═════ Data excerpts

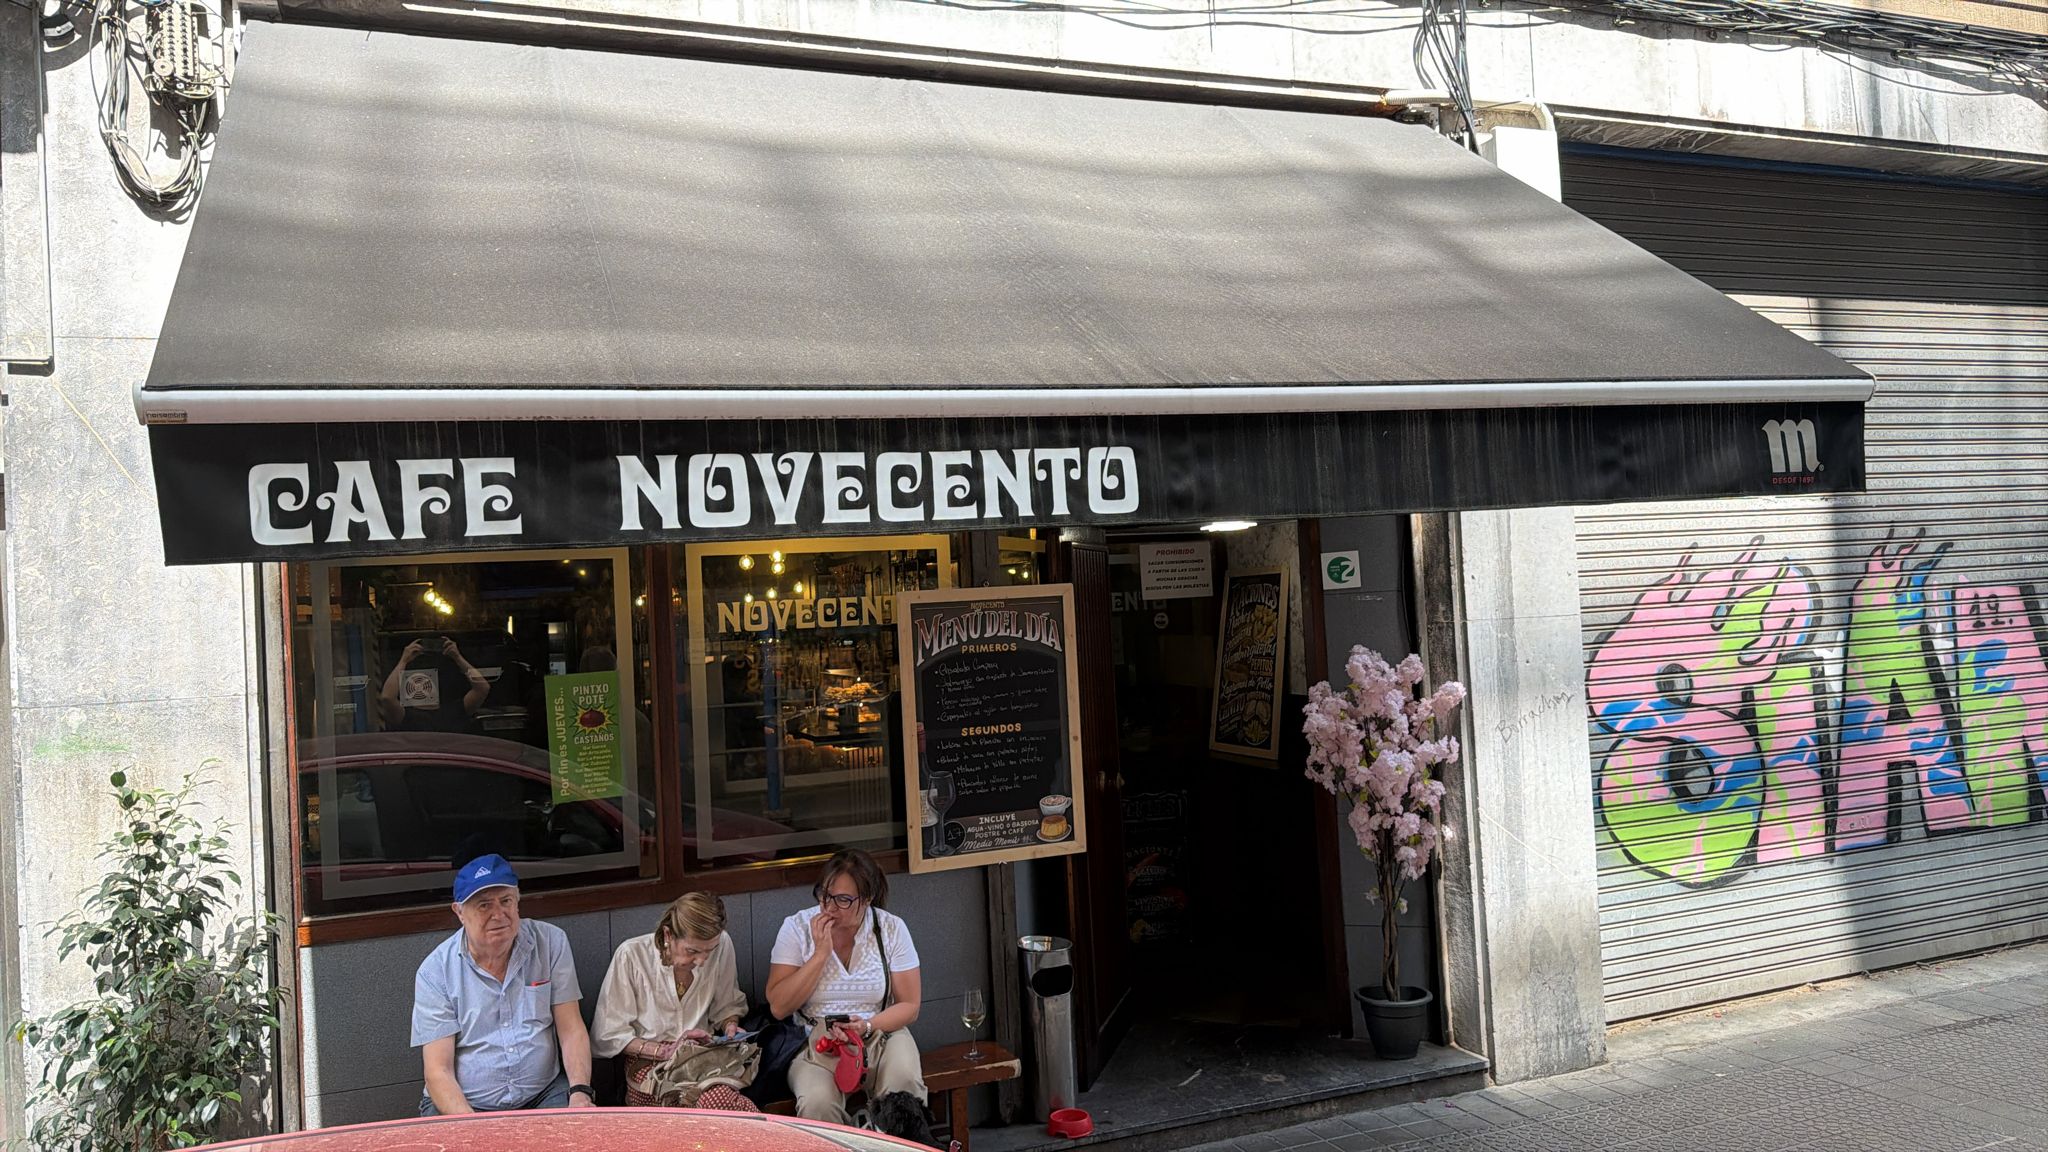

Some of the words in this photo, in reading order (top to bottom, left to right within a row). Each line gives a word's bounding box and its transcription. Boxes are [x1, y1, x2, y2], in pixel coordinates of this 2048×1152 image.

[248, 457, 523, 546] CAFE
[616, 446, 1140, 531] NOVECENTO
[1156, 548, 1195, 556] PROHIBIDO
[717, 596, 898, 633] NOVECENT
[984, 610, 1022, 637] DEL
[1024, 611, 1063, 652] DÍA
[961, 642, 1018, 654] PRIMEROS
[572, 683, 609, 696] PINTXO
[578, 694, 605, 705] POTE
[961, 722, 1023, 737] SEGUNDOS
[574, 731, 615, 745] CASTAÑOS
[558, 757, 569, 774] fin
[560, 776, 570, 797] Por
[978, 813, 1017, 825] INCLUYE
[974, 831, 1001, 839] POSTRE

══════════

- [The problem] Print the data above in full and exactly as it appears, skipping the pictures.

- [Result of the exercise]
Some of the words in this photo, in reading order (top to bottom, left to right within a row). Each line gives a word's bounding box and its transcription. Boxes are [x1, y1, x2, y2], in pixel coordinates of this 2048×1152 image.

[248, 457, 523, 546] CAFE
[616, 446, 1140, 531] NOVECENTO
[1156, 548, 1195, 556] PROHIBIDO
[717, 596, 898, 633] NOVECENT
[984, 610, 1022, 637] DEL
[1024, 611, 1063, 652] DÍA
[961, 642, 1018, 654] PRIMEROS
[572, 683, 609, 696] PINTXO
[578, 694, 605, 705] POTE
[961, 722, 1023, 737] SEGUNDOS
[574, 731, 615, 745] CASTAÑOS
[558, 757, 569, 774] fin
[560, 776, 570, 797] Por
[978, 813, 1017, 825] INCLUYE
[974, 831, 1001, 839] POSTRE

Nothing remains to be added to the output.